Make an exact copy of each entry, leaving out every picture.

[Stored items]
--------------------------------
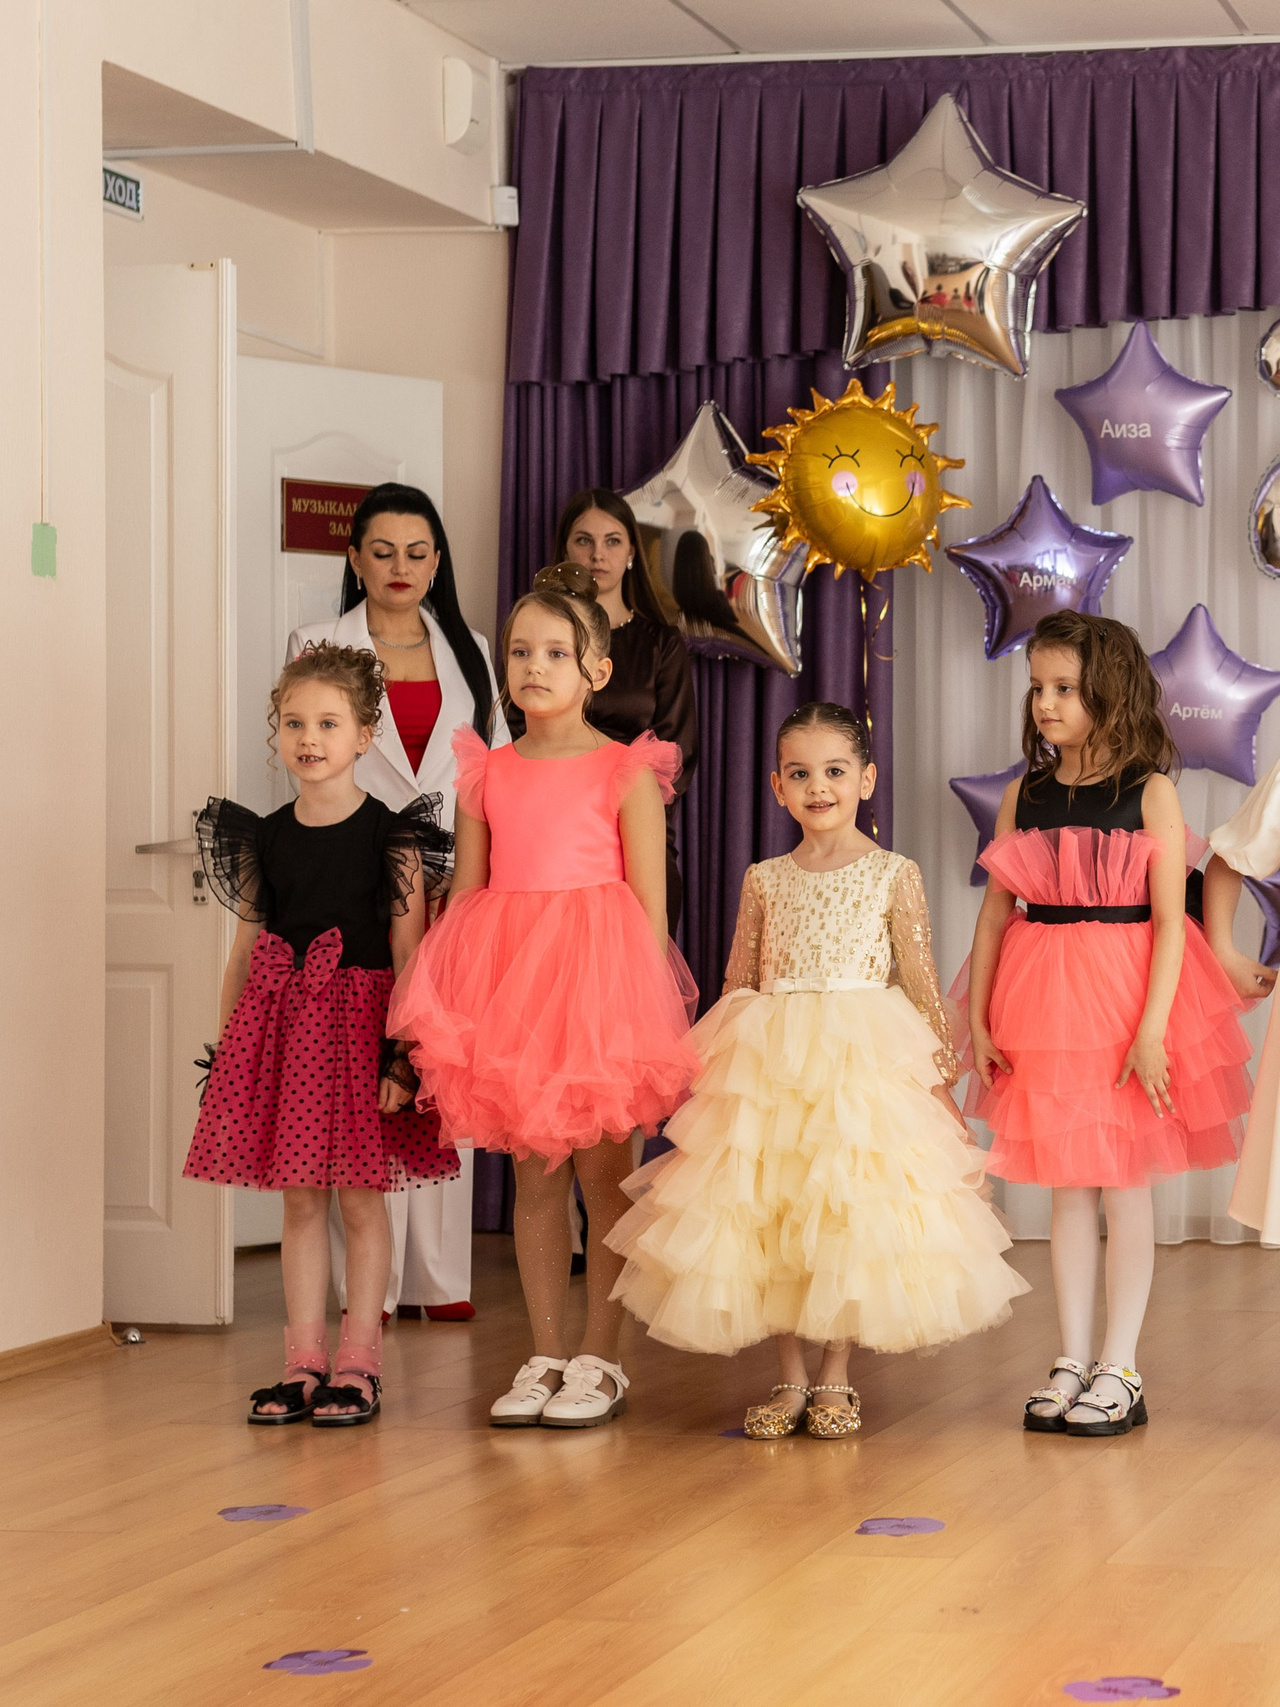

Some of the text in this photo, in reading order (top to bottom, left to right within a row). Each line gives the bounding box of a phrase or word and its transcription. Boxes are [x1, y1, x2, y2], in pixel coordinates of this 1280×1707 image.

[102, 171, 137, 209] ХОД
[1100, 418, 1152, 438] Аиза
[329, 521, 352, 536] ЗАЛ
[1169, 702, 1223, 721] Артём
--------------------------------
> _Problem solution_:
Some of the text in this photo, in reading order (top to bottom, left to right within a row). Each line gives the bounding box of a phrase or word and its transcription. Boxes are [x1, y1, x2, y2], in pixel coordinates of this 1280×1707 image.

[102, 171, 137, 209] ХОД
[1100, 418, 1152, 438] Аиза
[329, 521, 352, 536] ЗАЛ
[1169, 702, 1223, 721] Артём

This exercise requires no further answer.